_What is being asked:_ Apart from the pictures, please restate every entry below exactly.

(Saved entries)
┌──
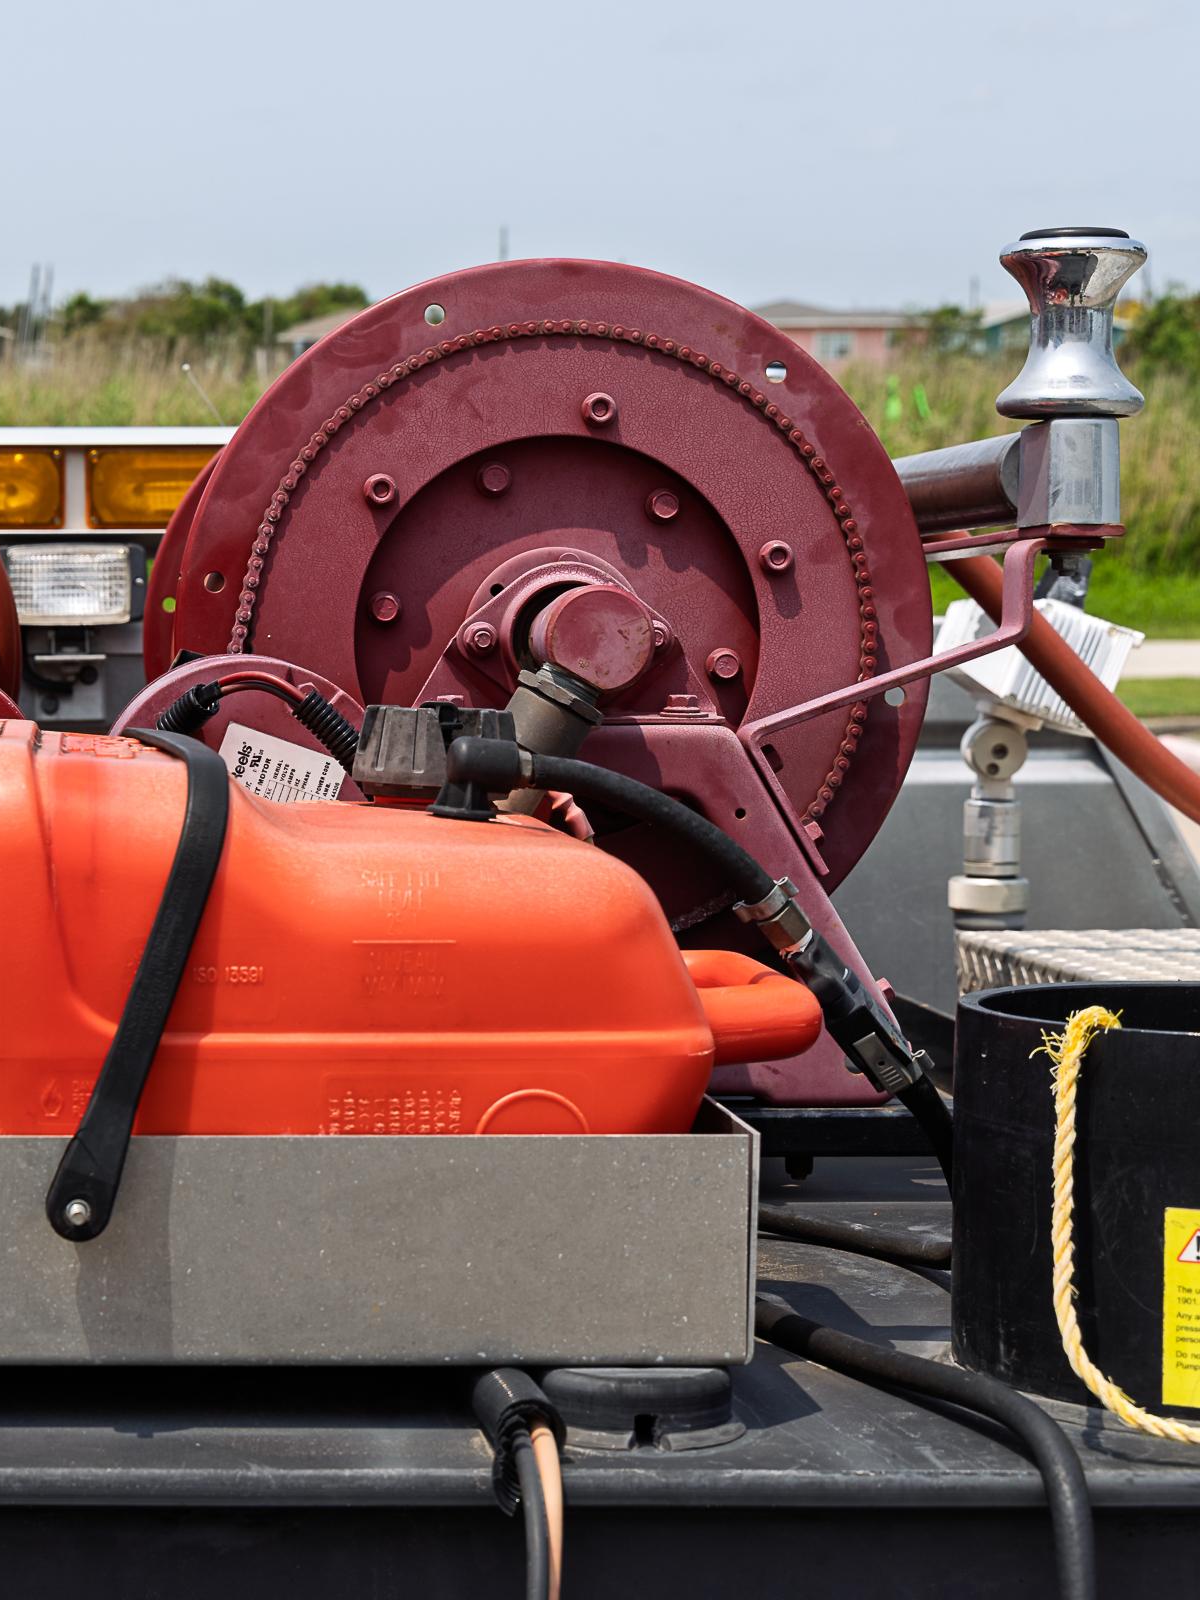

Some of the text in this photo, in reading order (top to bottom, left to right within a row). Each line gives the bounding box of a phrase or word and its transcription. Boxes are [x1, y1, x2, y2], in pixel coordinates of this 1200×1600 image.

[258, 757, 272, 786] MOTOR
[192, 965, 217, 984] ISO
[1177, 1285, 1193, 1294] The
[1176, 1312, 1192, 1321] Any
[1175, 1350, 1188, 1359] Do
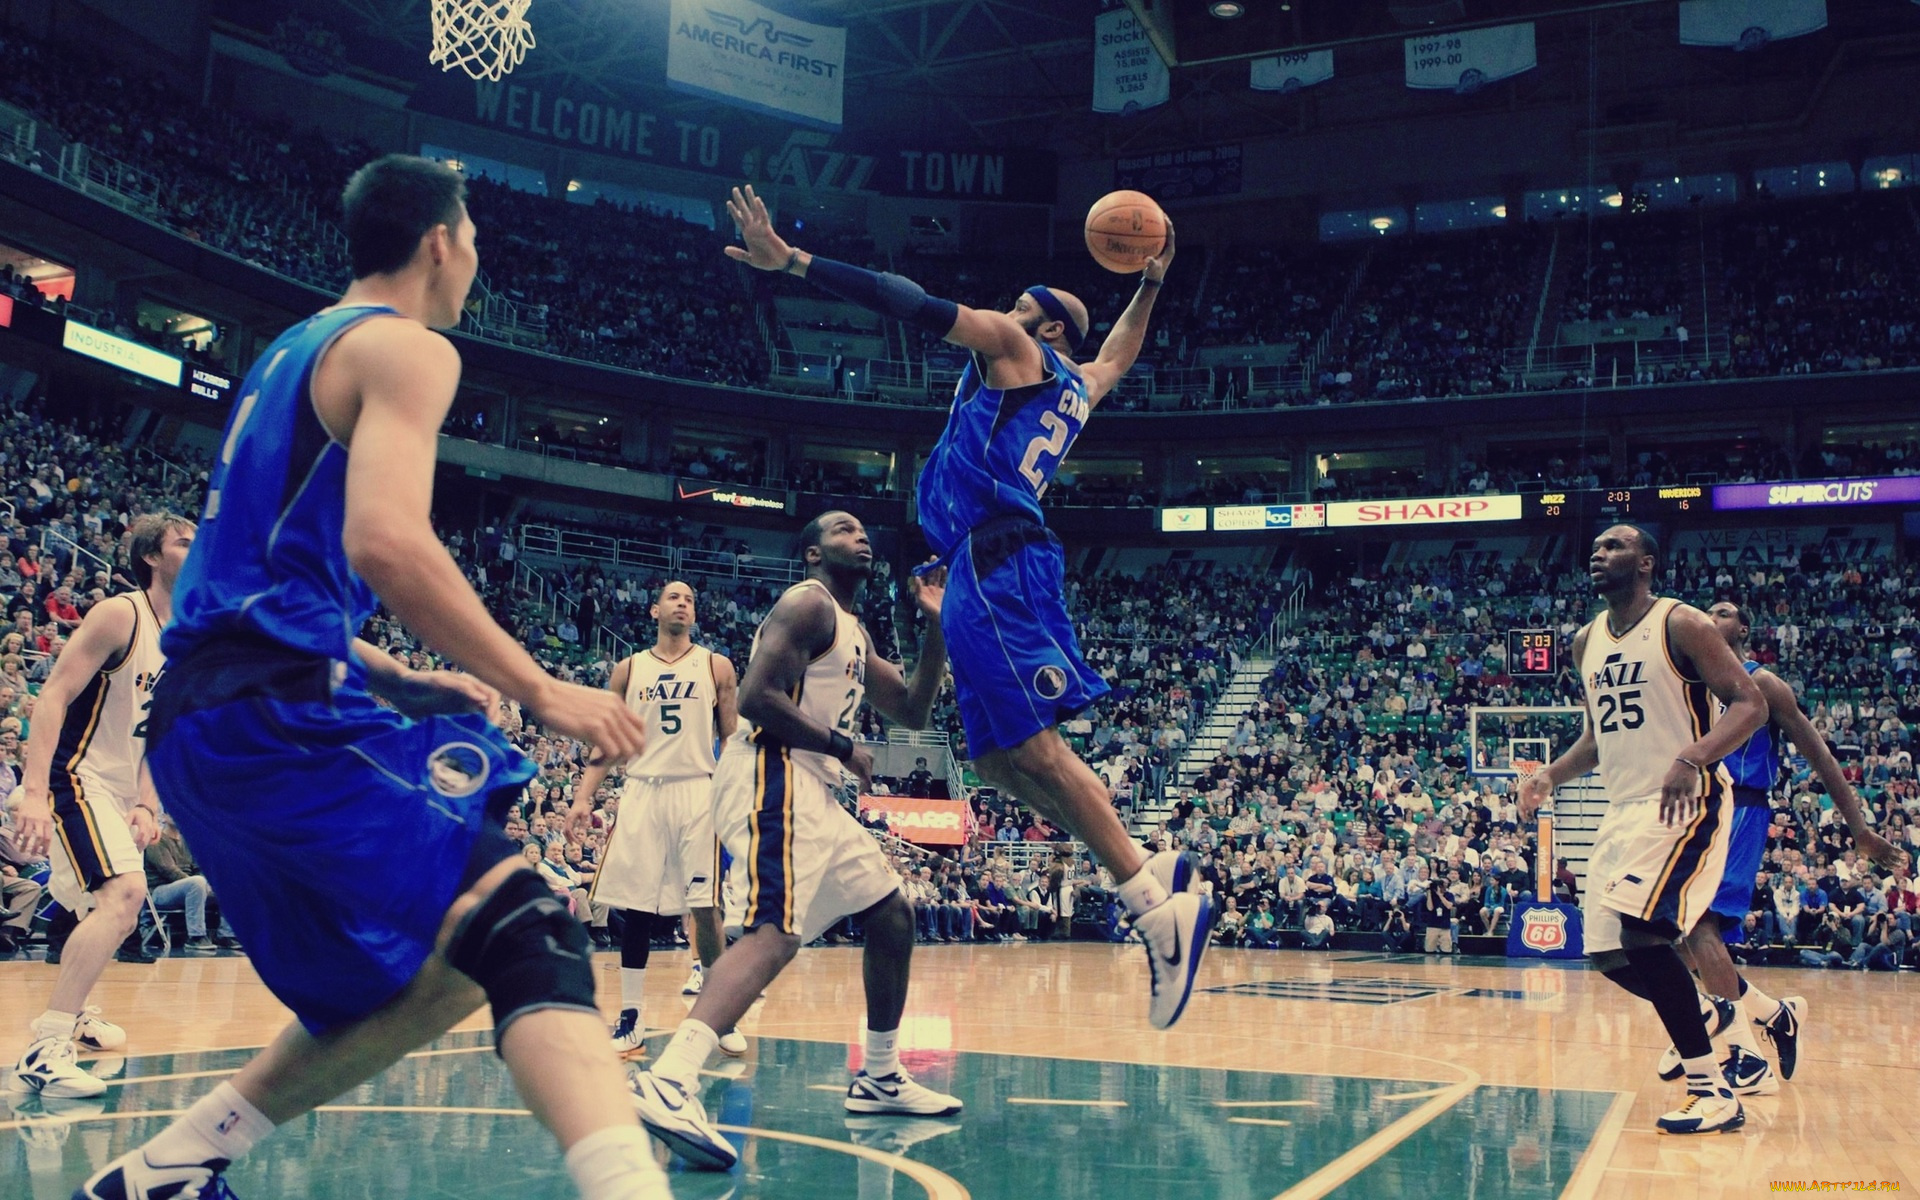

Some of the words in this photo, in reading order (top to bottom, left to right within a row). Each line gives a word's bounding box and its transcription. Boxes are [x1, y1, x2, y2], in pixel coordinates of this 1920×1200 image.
└──
_Result:_
Some of the text in this photo, in reading order (top to bottom, left to right within a row). Each line gives the bounding box of a phrase or word and its transcription. Boxes are [x1, y1, x2, y2], in pixel coordinates of this 1200×1600 image.

[258, 757, 272, 786] MOTOR
[192, 965, 217, 984] ISO
[1177, 1285, 1193, 1294] The
[1176, 1312, 1192, 1321] Any
[1175, 1350, 1188, 1359] Do

Some of the words in this photo, in reading order (top to bottom, left to right within a row). Each line gives a word's bounding box and its transcription. Boxes are [x1, y1, x2, y2], in pixel coordinates of this 1920×1200 image.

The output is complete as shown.